The best time for treatment of precordial disease

  The best timing of surgery depends on a number of factors, including the complexity of the congenital malformation, the age and weight of the child, and the general development and nutritional status of the child. Generally, for simple congenital heart, it is recommended to be 1 – 5 years old, because too young, low weight, poor general development and nutritional status will increase the risk of surgery; too old, the heart will compensate for the increase in size, and some may even have increased pulmonary artery pressure, which will also increase the difficulty of surgery and longer recovery time after surgery.  For those with combined pulmonary hypertension, serious congenital malformations that affect growth and development, malformations that threaten the life of the child, or complex malformations that require staged surgery, the earlier the surgery the better, regardless of age.  In general, congenital heart disease cannot heal on its own and requires surgical or interventional treatment.
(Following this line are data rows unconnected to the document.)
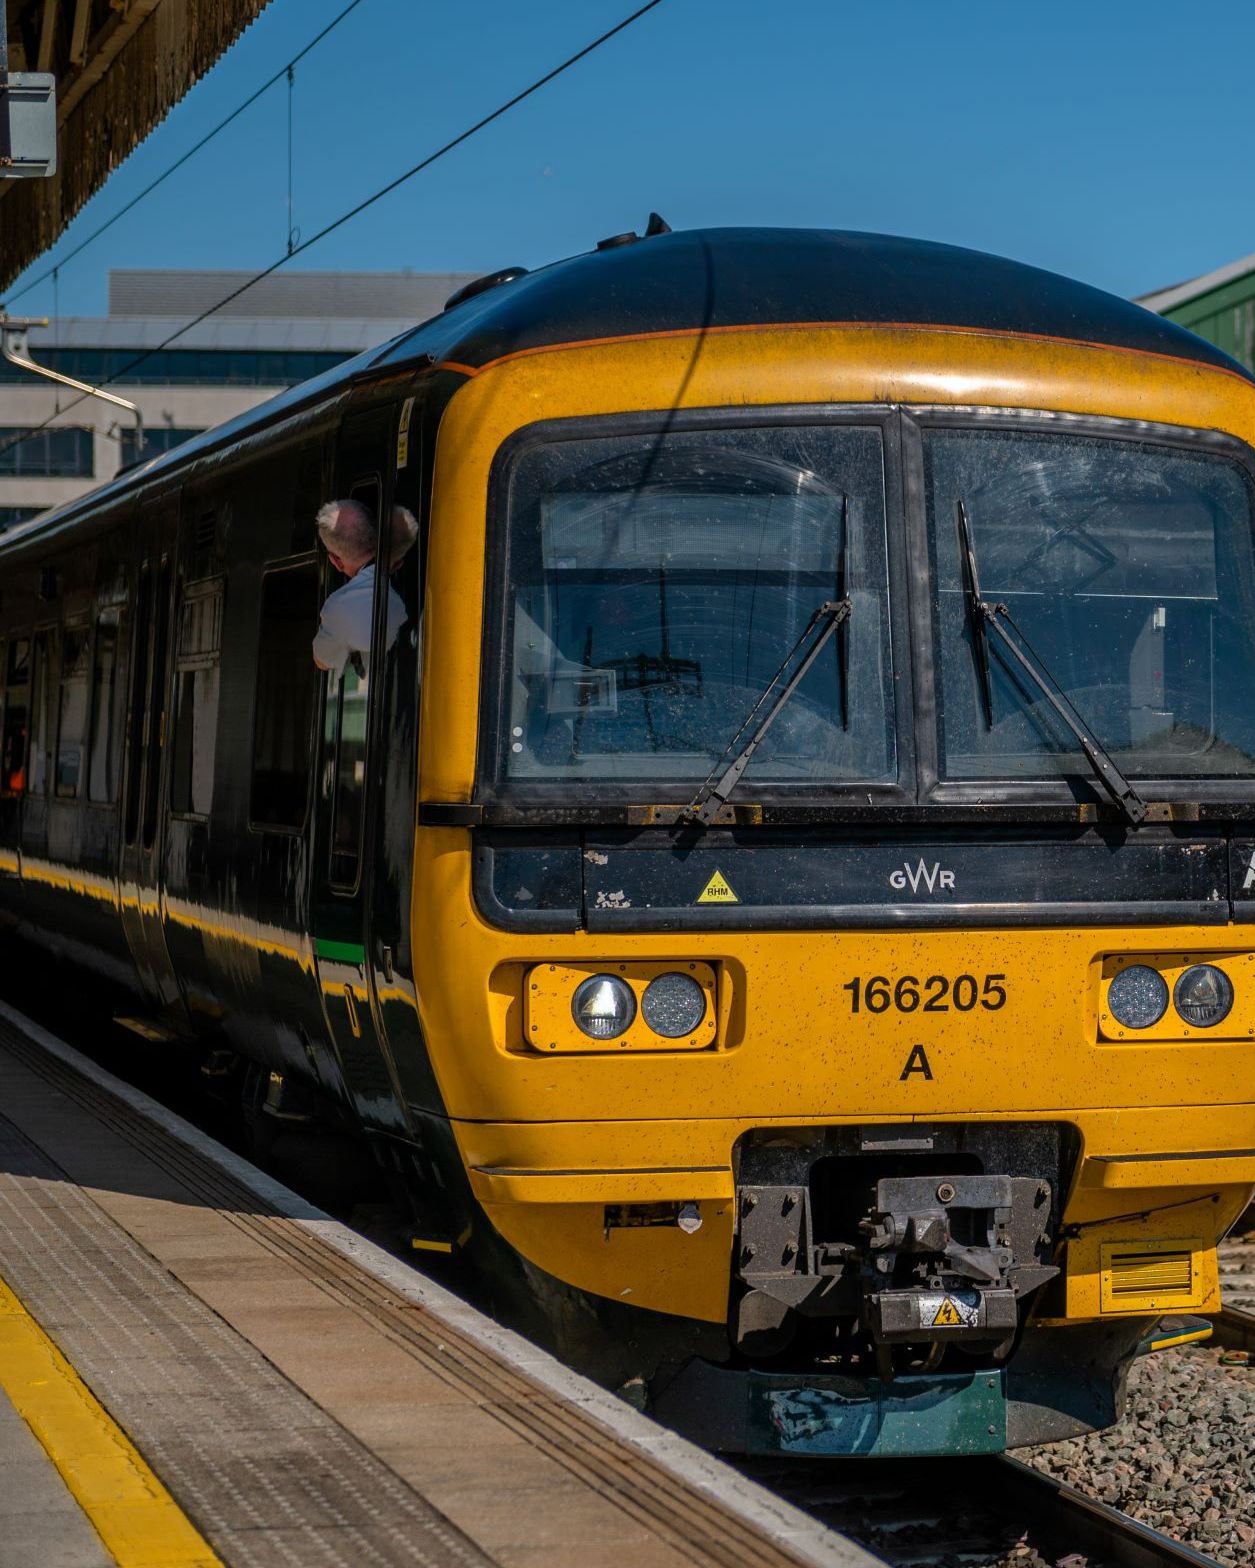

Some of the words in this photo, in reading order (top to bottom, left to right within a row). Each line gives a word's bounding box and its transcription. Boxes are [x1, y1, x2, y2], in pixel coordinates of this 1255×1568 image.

[707, 888, 729, 896] RHM
[889, 857, 956, 894] GWR
[843, 974, 1007, 1013] 166205
[899, 1044, 934, 1081] A
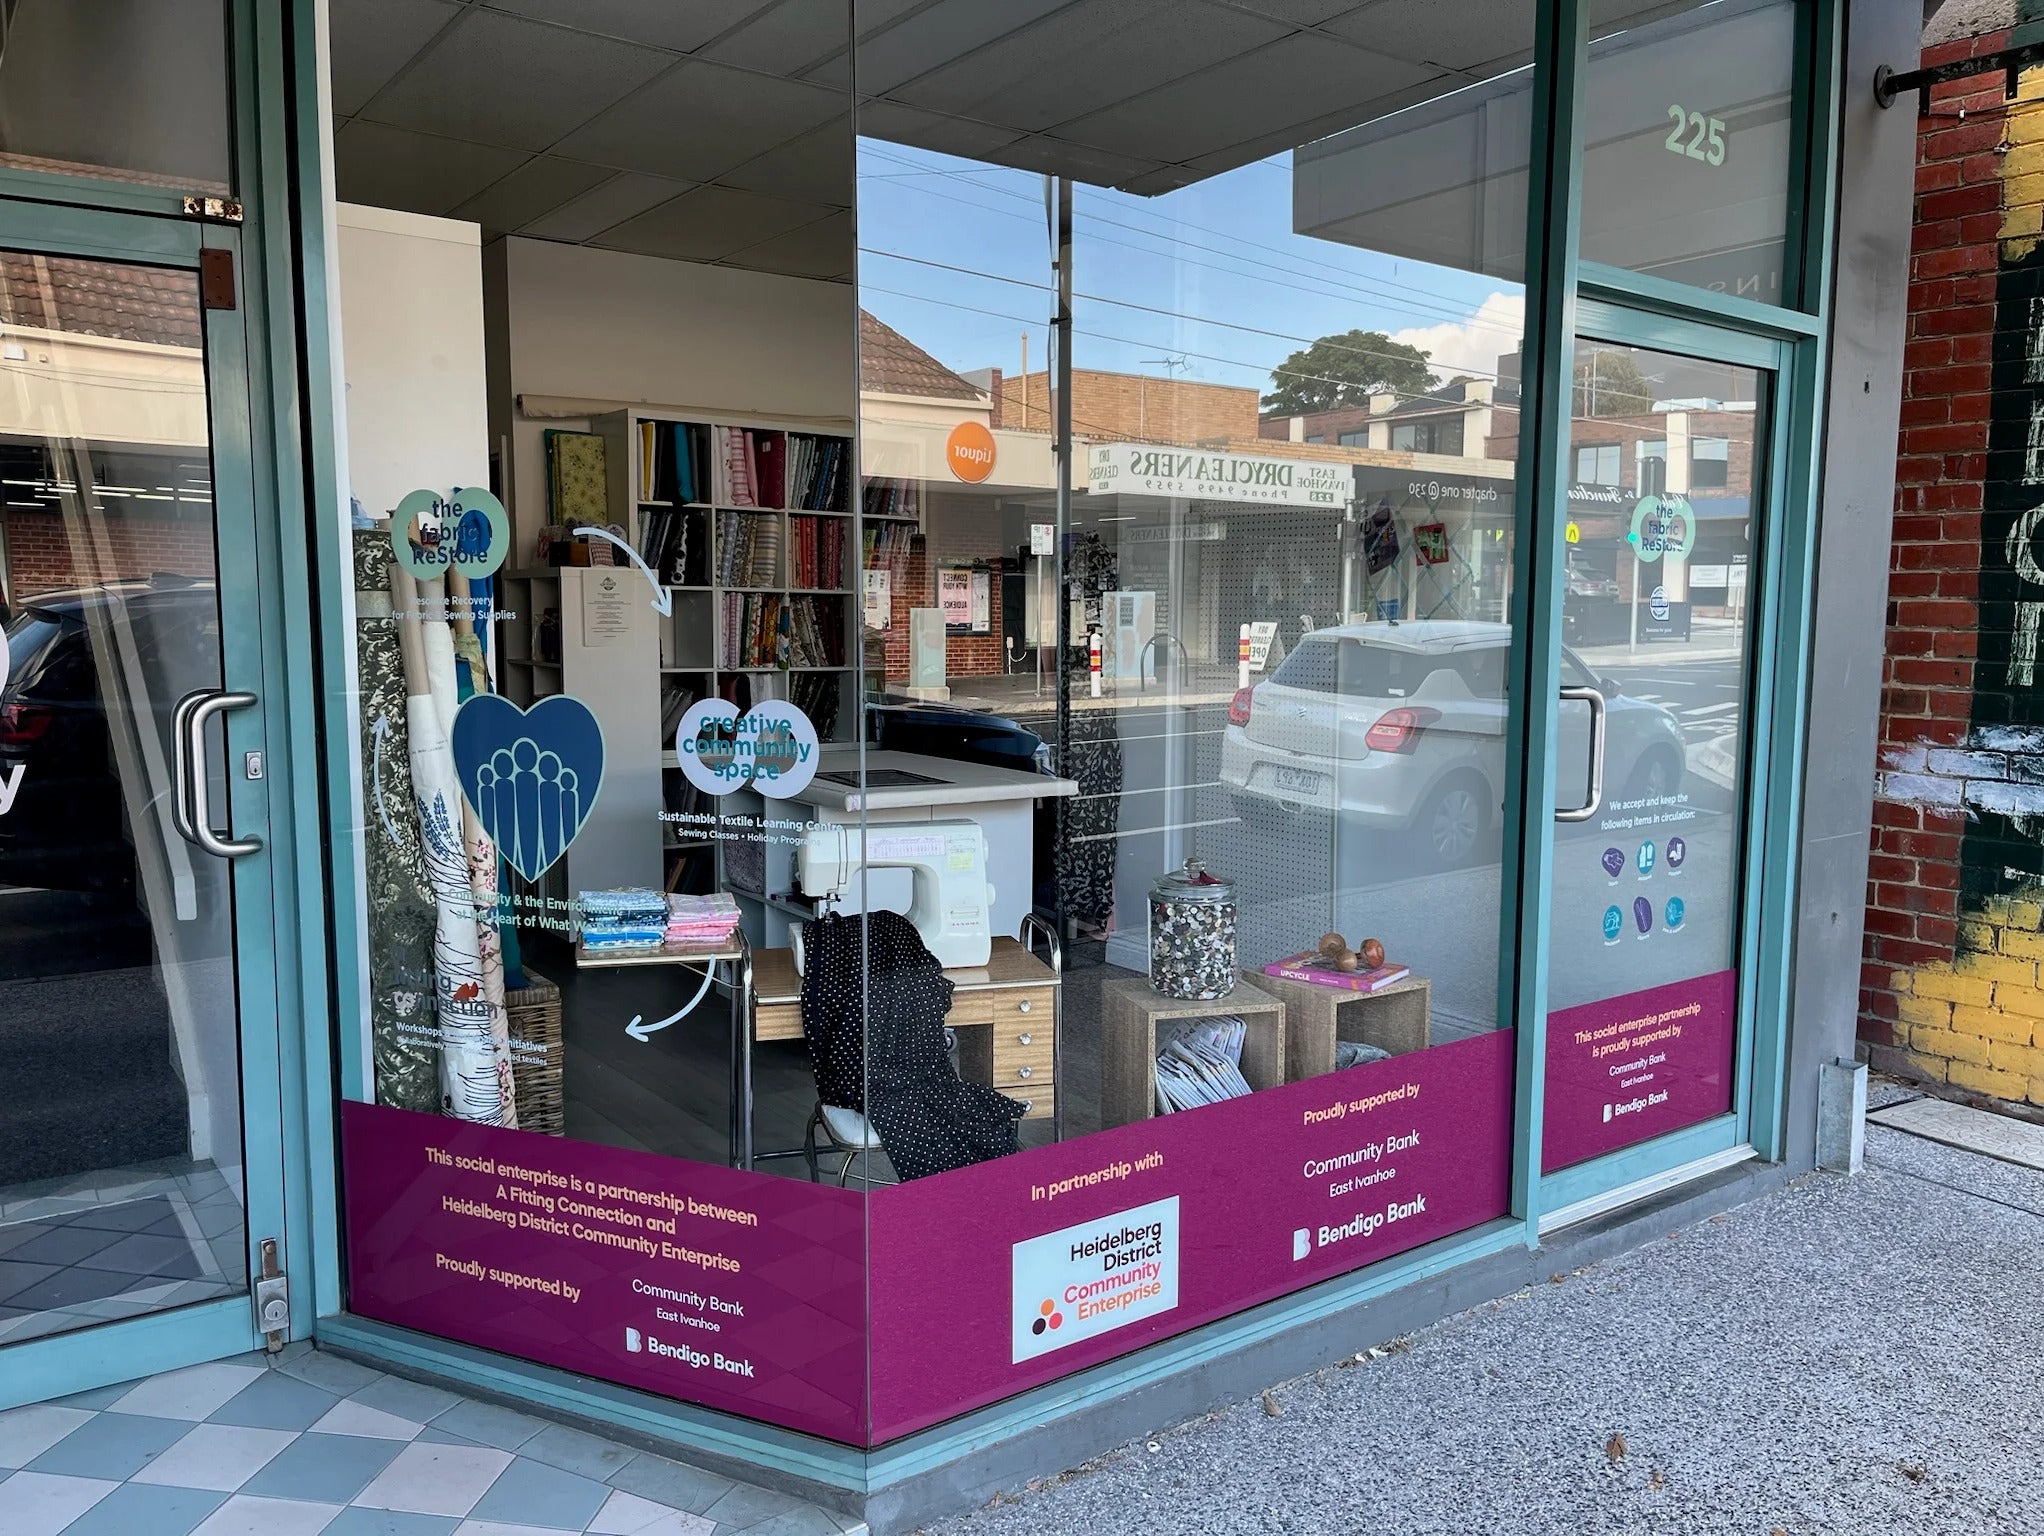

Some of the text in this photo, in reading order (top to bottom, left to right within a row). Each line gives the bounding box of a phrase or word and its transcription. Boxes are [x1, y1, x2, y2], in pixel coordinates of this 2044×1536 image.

[1665, 104, 1726, 166] 225
[432, 499, 463, 518] the
[1656, 504, 1673, 518] the
[419, 522, 480, 543] fabric
[1647, 520, 1679, 535] fabric
[413, 545, 488, 565] ReStore
[1641, 537, 1684, 552] ReStore
[452, 595, 492, 607] Recovery
[392, 609, 405, 620] for
[444, 610, 476, 622] Sewing
[478, 609, 517, 622] Suplies
[700, 714, 792, 734] creative
[683, 737, 812, 762] community
[714, 761, 780, 781] space
[1609, 793, 1689, 811] We accept and keep the
[658, 810, 843, 832] Sustainable Textile Learning Centre
[1601, 810, 1696, 831] following items in circulation:
[678, 828, 708, 840] Sewing
[709, 829, 739, 841] Classes
[747, 832, 778, 844] Holiday
[514, 894, 522, 906] &
[525, 894, 544, 908] the
[491, 908, 522, 927] Heart
[524, 915, 536, 927] of
[538, 916, 570, 930] What
[1280, 969, 1310, 981] UPCYCLE
[396, 1021, 444, 1037] Workshops
[1574, 1002, 1701, 1045] This social enterprise partnership
[505, 1039, 548, 1053] nitiatives
[1592, 1024, 1682, 1059] is proudly supported by
[521, 1054, 548, 1066] textiles
[1609, 1051, 1666, 1077] Community Bank
[1620, 1071, 1654, 1088] East Ivanhoe
[1303, 1082, 1420, 1126] Proudly supported by
[1614, 1095, 1647, 1116] Bendigo
[1648, 1089, 1669, 1104] Bank
[1303, 1128, 1420, 1179] Community Bank
[425, 1147, 758, 1226] This social enterprise is a partnership between
[1031, 1150, 1164, 1201] In partnership with
[1329, 1167, 1396, 1198] East Ivanhoe
[496, 1183, 676, 1235] A Fitting Connection and
[1317, 1212, 1384, 1247] Bendigo
[1387, 1193, 1426, 1223] Bank
[442, 1195, 741, 1273] Heidelberg District Community Enterprise
[1070, 1221, 1161, 1261] Heidelberg
[1103, 1239, 1162, 1272] District
[435, 1253, 581, 1303] Proudly supported by
[1064, 1261, 1161, 1304] Community
[632, 1278, 745, 1317] Community Bank
[1078, 1281, 1161, 1320] Enterprise
[656, 1307, 721, 1333] East Ivanhoe
[648, 1336, 711, 1368] Bendigo
[713, 1352, 755, 1378] Bank
However, for atrial defects with a caliber of less than 0.5 cm and ventricular defects with a caliber of less than 0.2 cm, no treatment is needed, and it will not adversely affect the function and growth of the child’s heart.  However, due to the presence of heart murmur in children, which has certain impact on future education, employment and marriage, and the surgery is now very mature, some parents still choose surgery due to these social factors. There are also small defects, such as ventricular defects in the sub-stem area, which require aggressive surgical treatment due to their proximity to the aortic valve, regardless of the size of the caliber.